Mary-Sophie Harvey (54.26) now enters as the top seed, followed closely by Oleksiak and Ruck, but all the competitors have their work cut out for them as the Olympic Qualifying time is 53.61.
The 100 free was not alone in top ten scratches as both the men’s 200 back and women’s 200 breast saw withdrawals. In the back, Tristan Jankovics, the #3 seed, has opted not to compete this morning. The OSU swimmer has already punched his ticket to Paris by virtue of his massive new PB in the 400 IM. Jankovics’s entry time of 1:59.11 was more than a second and a half away from the OQT.
Also scratching out of a potential A-final is Julie Brousseau. The future Florida Gator has opted not to swim this morning’s 200 breast prelims, where she was initially seeded as the #10 seed with an entry time of 2:30.79. Like Jankovics, Brousseau has already been named to the team as she qualified to swim a leg on the women’s 4×200 free relay.
All Top 30 Scratches
- Women’s 100 Free: #1 Summer McIntosh (53.90), #5 Maggie MacNeil (54.58), #27 Ashley McMillan (GO/HPCON)
- Men’s 200 Back: #3 Tristian Jankovics (1:59.11), #23 Paul Dardis (2:06.58),
- Women’s 200 Breast: #10 Julie Brousseau (2:30.79), #12 Shona Branton (2:31.12), #13 Danika Ethier (2:32.63)
- Men’s 200 Fly: #19 Timothe Barbeau (2:04.50), #21 Andrew Xie (2:05.27)
Of course, with her world record Summer McIntosh can do what she wants, but isn’t there a strange large number of contenders scrapping events for which they could qualify, leaving the events for slower swimmers, day after day?…
Yeah, I notice it too.
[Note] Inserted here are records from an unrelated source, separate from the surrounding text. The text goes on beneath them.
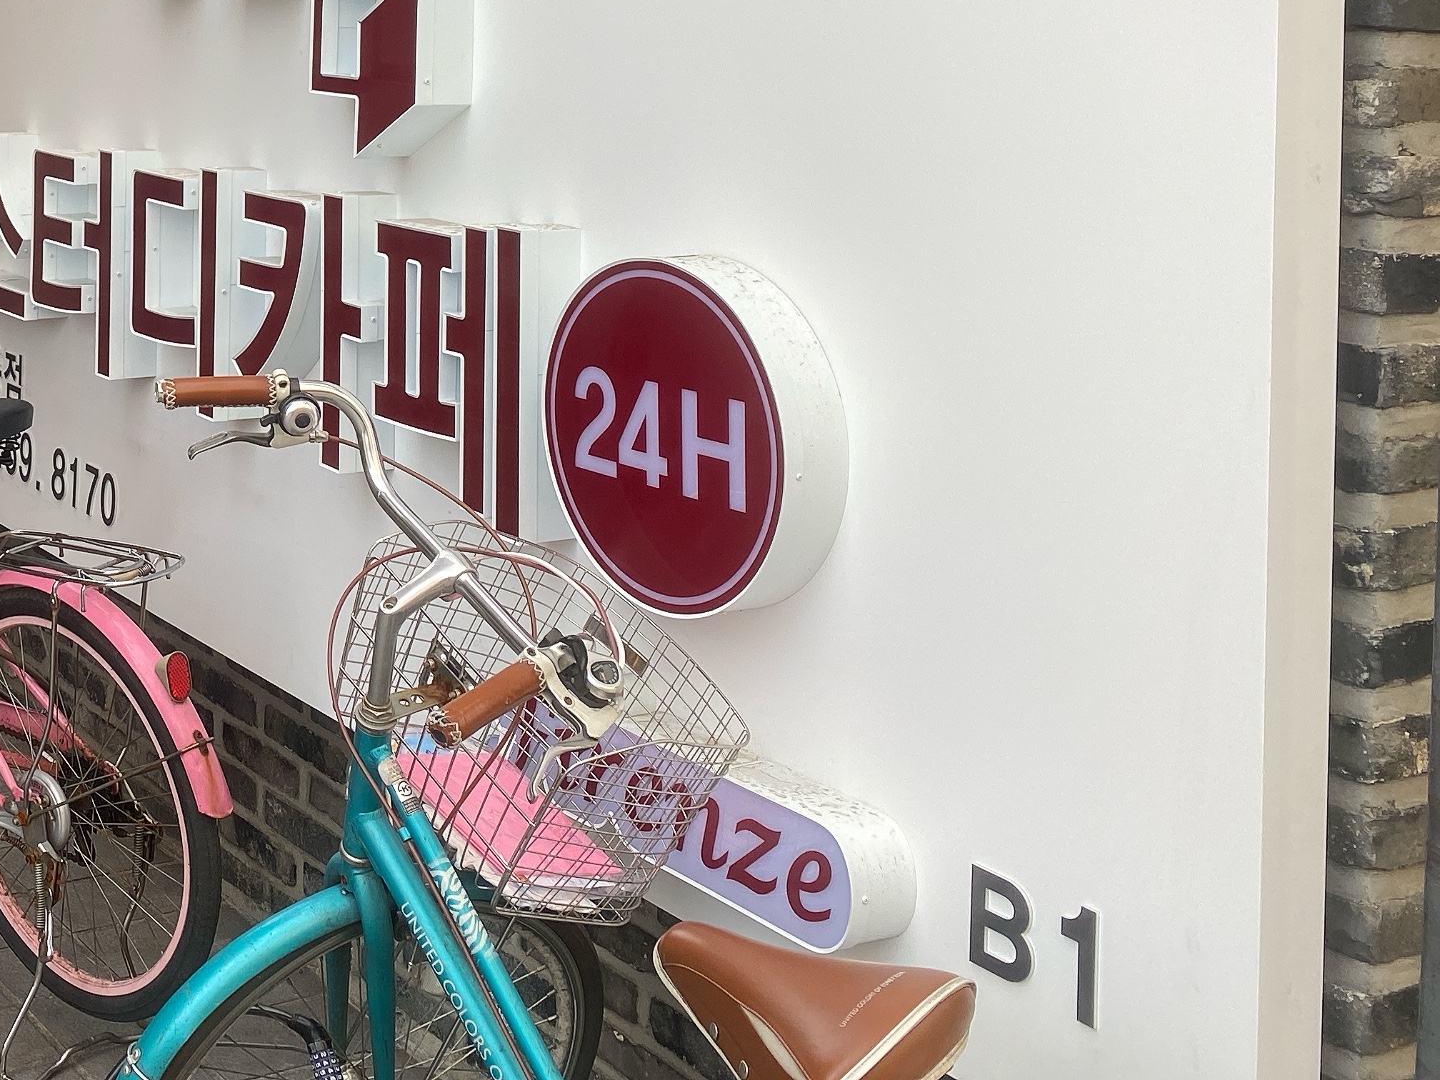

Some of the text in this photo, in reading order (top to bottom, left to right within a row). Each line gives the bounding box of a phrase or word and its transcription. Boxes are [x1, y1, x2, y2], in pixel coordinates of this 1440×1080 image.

[574, 366, 746, 513] 24H
[400, 901, 444, 976] UNITED
[443, 979, 492, 1061] COLORS
[969, 863, 1098, 1029] B1
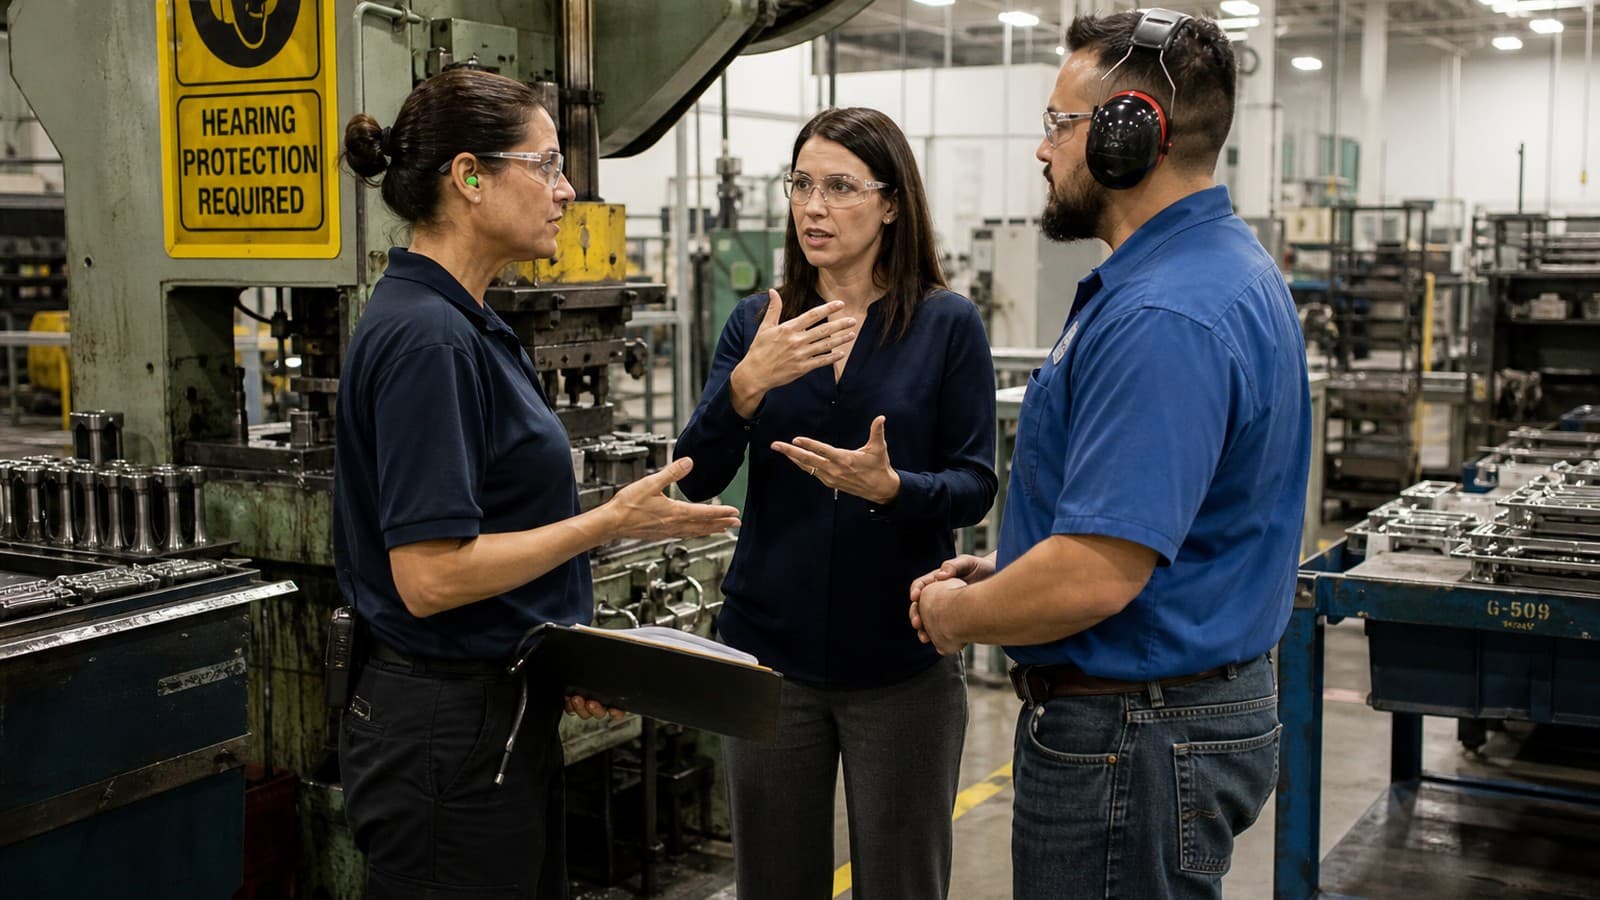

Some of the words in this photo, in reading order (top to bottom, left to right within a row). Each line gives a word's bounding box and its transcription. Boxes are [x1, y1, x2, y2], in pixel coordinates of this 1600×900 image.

[202, 105, 296, 136] HEARING
[183, 145, 318, 176] PROTECTION
[198, 186, 304, 216] REQUIRED
[1487, 600, 1550, 620] G-509
I understand that some swimmers have demanding schedules, but it’s a bad precedent IMO to seemingly have a kind of handshake agreement with some of your athletes that “we’ll add you to the relay at the Olympics, you don’t need to even swim the event at Trials”.
It seems like maybe they know they’re going to be able to swim the relays if they want so they’re letting slower swimmers have a bigger chance to qualify for relay only spots
The problem in some relays then becomes using your relay-only swimmers might jeopardize qualifying for the final. Like, if your 3rd and 4th swimmers at trials are significantly slower than a few athletes that didn’t swim the event at trials, they have to swim prelims, which is a risk. In the women’s 100fr for instance, if the 4th swimmer only produces like 55.00, that’s potentially a risk to use them in prelims at the Olympics and you’d be better off taking only the top 3 and subbing in Maggie and/or Summer.
This support my prediction earlier that Summer just wants to focus on her Olympic individual events and swim scorching times that send warning shot to her competition.
I think Julie Brousseau scratched the 200breast to focus on the 100free today.